National Social Security Fund, China’s national pension fund, is expected to be a major investor in Blackstone’s yuan fund – a source briefed on Blackstone’s fundraising plan in China said.

Caisse de depot et placement du Quebec, Canada’s biggest pension fund manager, said its assets under management had recovered nearly 10 percent of their value in 2009, but were still below pre-crisis levels.

ErGo Media Capital, an entertainment and media investment firm headed by former Cinetic Media co-founder Matt Littin. Based in New York, the firm is backed by ErGo Ventures, a private investment vehicle.
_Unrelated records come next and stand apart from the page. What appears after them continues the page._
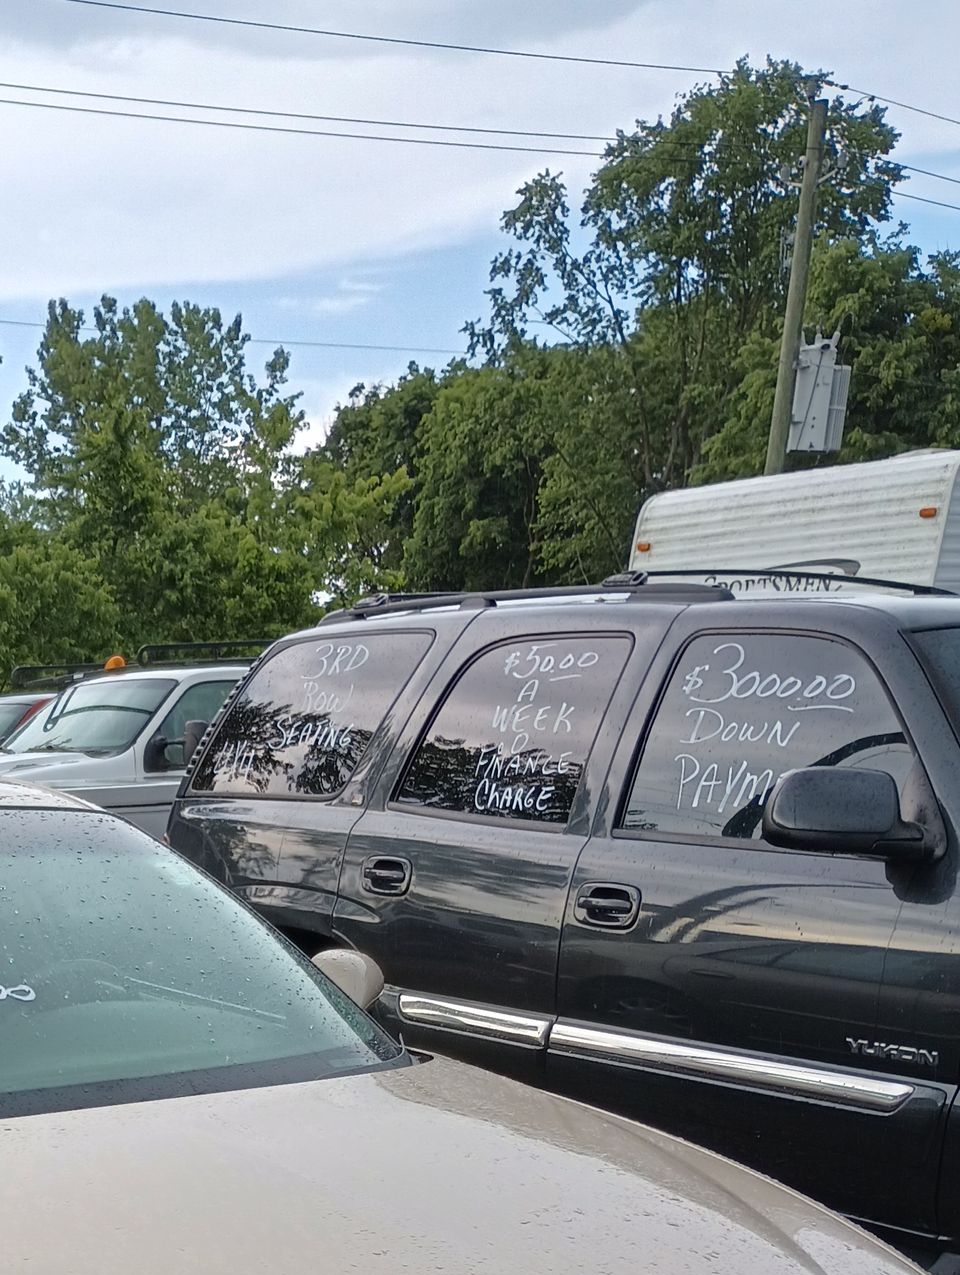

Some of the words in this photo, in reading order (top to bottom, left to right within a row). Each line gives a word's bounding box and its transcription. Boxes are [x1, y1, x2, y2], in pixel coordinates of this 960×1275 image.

[301, 644, 369, 679] 3RD
[504, 644, 598, 678] $50.00
[682, 643, 856, 703] $3000.00
[303, 681, 354, 712] ROW
[517, 679, 539, 702] A
[267, 716, 356, 750] SEATING
[492, 702, 575, 733] WEEK
[679, 707, 801, 747] DOWN
[474, 742, 573, 779] FINANCE
[845, 1036, 939, 1066] YUKON
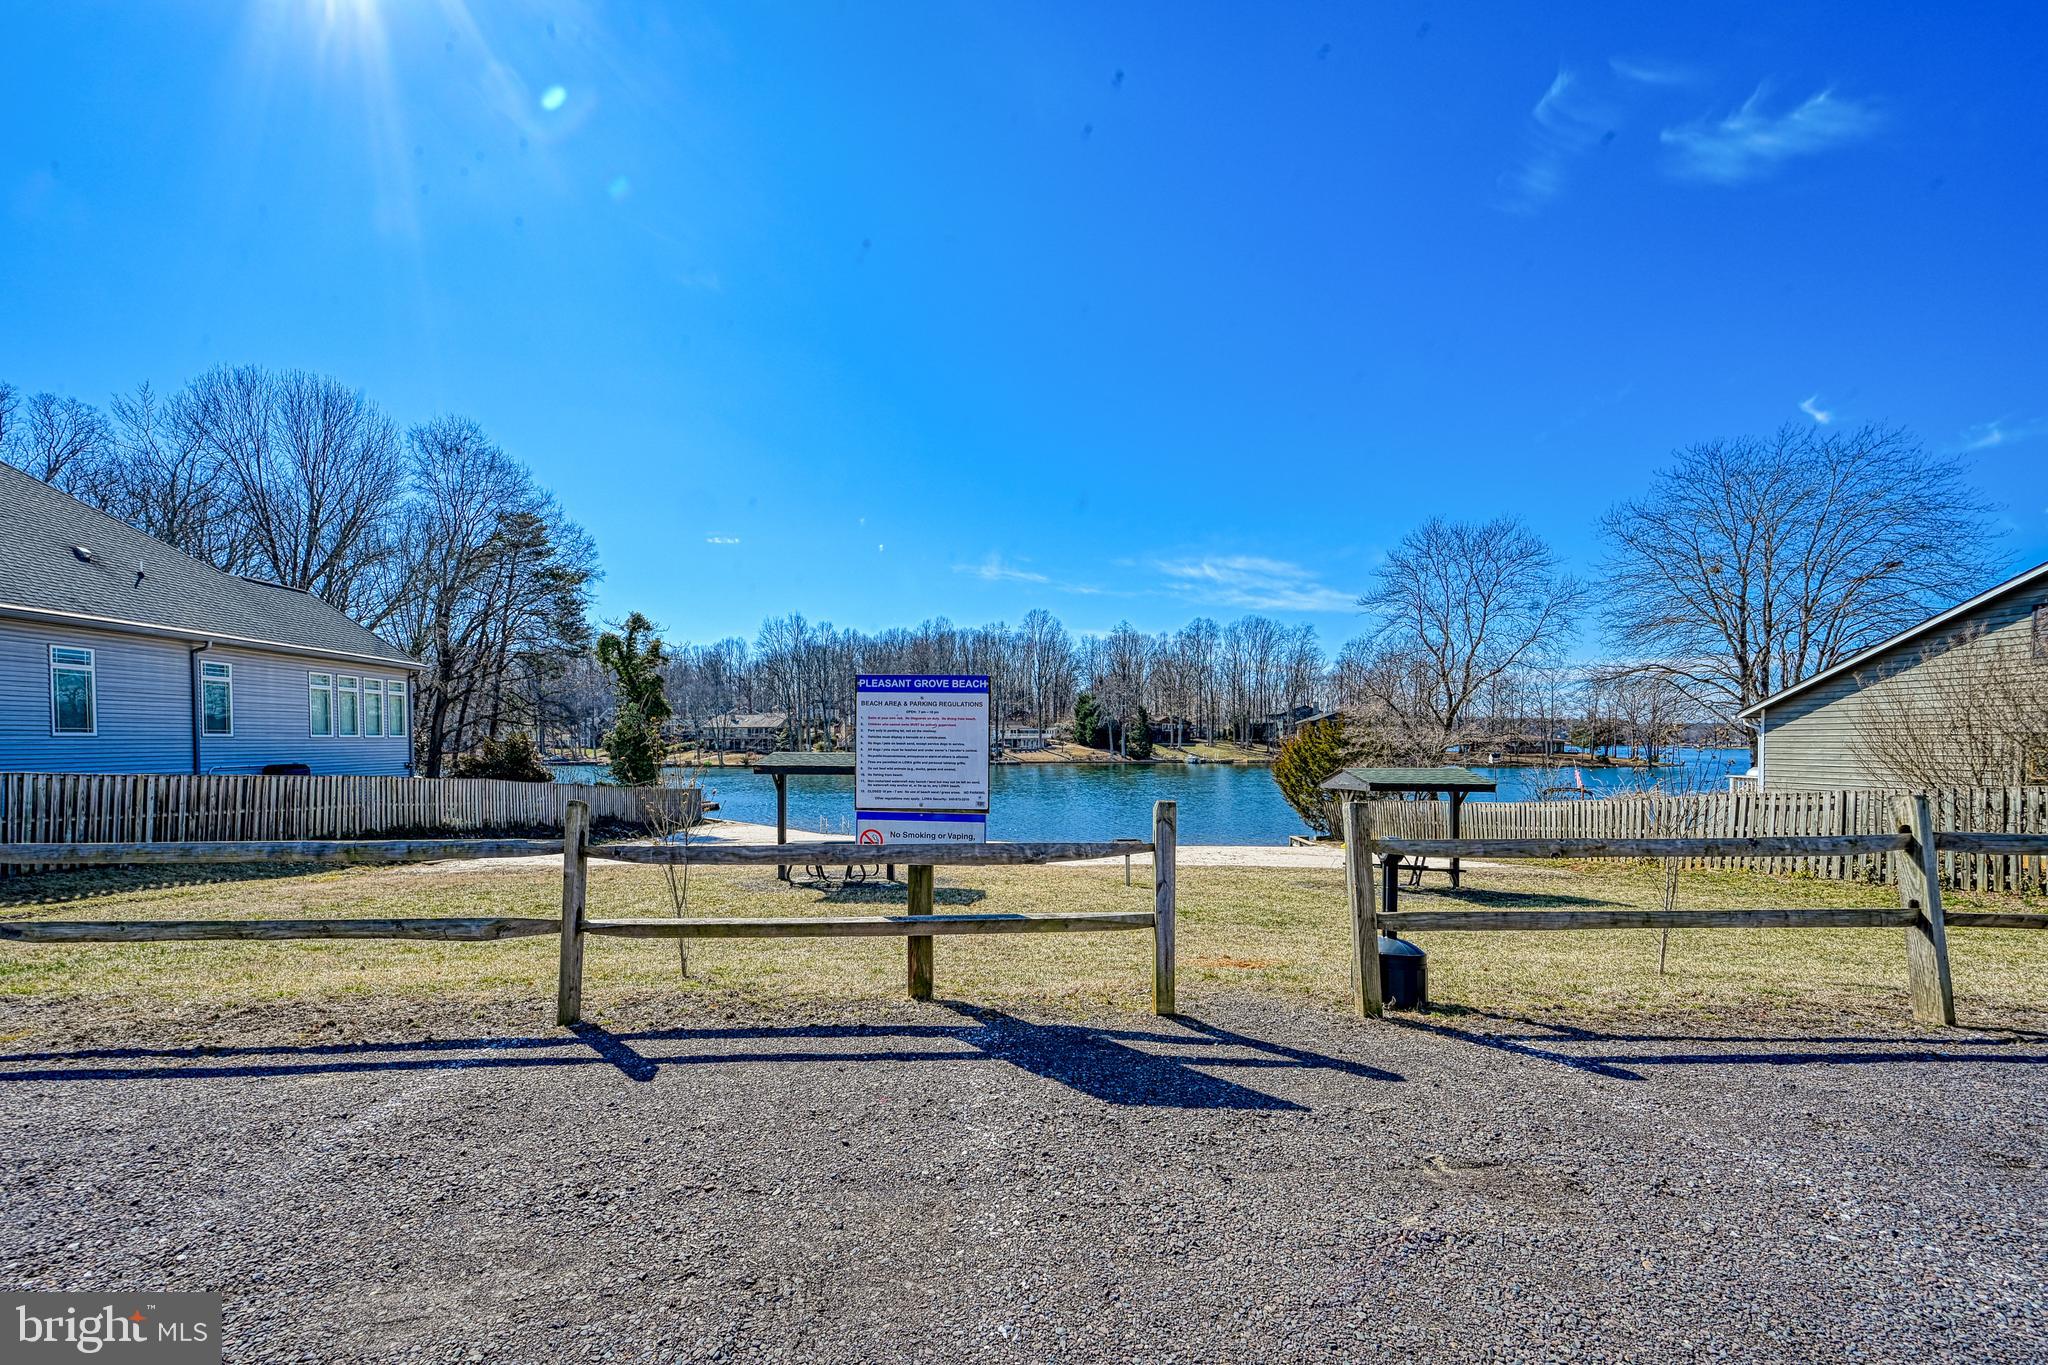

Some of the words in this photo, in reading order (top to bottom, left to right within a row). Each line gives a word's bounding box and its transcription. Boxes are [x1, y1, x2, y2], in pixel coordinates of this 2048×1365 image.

[859, 679, 911, 688] PLEASANT
[914, 680, 949, 688] GROVE
[903, 832, 936, 840] Smoking
[947, 832, 976, 840] Vaping,
TEXO Ventures has been launched in Austin, Texas, to make seed and early-stage investments of up to $2 million in healthcare companies. The firm’s founders are Philip Sanger, M.D., Jerry DeVries and Randall Crowder.

Fifth Street Finance Corp. received a financing commitment from ING Capital LLC for a syndicated three year revolving credit facility for up to the amount of $150 million, with a targeted initial close of $65 million.

Human Resource

Warren Hibbert, a Partner with MVision Private Equity Advisers, a UK placement agent and advisory firm, has left “to explore new opportunities,” according to an email sent to colleagues. Hibbert did not disclose his future plans. www.mvision.com/

Salo Aizenberg has joined Hauppauge, N.Y.-based lender Westbury Partners as Managing Director. He was previously a Managing Director at Global Leverage Capital. Westbury’s current fund will be focused on mezzanine investments.

Perella Weinberg Partners announced today that Sebastien Maurin has joined the Firm as a Managing Director in its Corporate Advisory Group where he will focus on restructuring and distressed merger and acquisition transactions. He was most recently a senior member of the debt restructuring advisory business at MPC Longberry. Prior to that, Mr. Maurin was Head of the Global High Yield and Distressed Debt Proprietary Trading Group at Commerzbank AG.

Charles Mills has joined Houlihan Lokey, an investment bank, in its Atlanta office as a managing director, heading up Southeast M&A in the U.S. Prior to Houlihan Lokey, Mr. Mills headed Macquarie Capital’s M&A practice in the Southeast U.S. region.

Persistence Capital Partners, a Canadian healthcare services investment firm, appointed Lloyd M. Segal as a Partner of the Fund. Segal was previously CEO of Thallion Pharmaceuticals, where he currently serves as Chairman.

Brown Brothers Harriman & Co., a an investment services company based in , appointed Timothy E. Hartch and Seán Páircéir as partners. Hartch is part of the firm’s Corporate Finance Department, providing merger and acquisition advisory services to BBH clients and evaluating, negotiating, and monitoring investments for private equity and mezzanine funds. Páircéir works with global investment funds.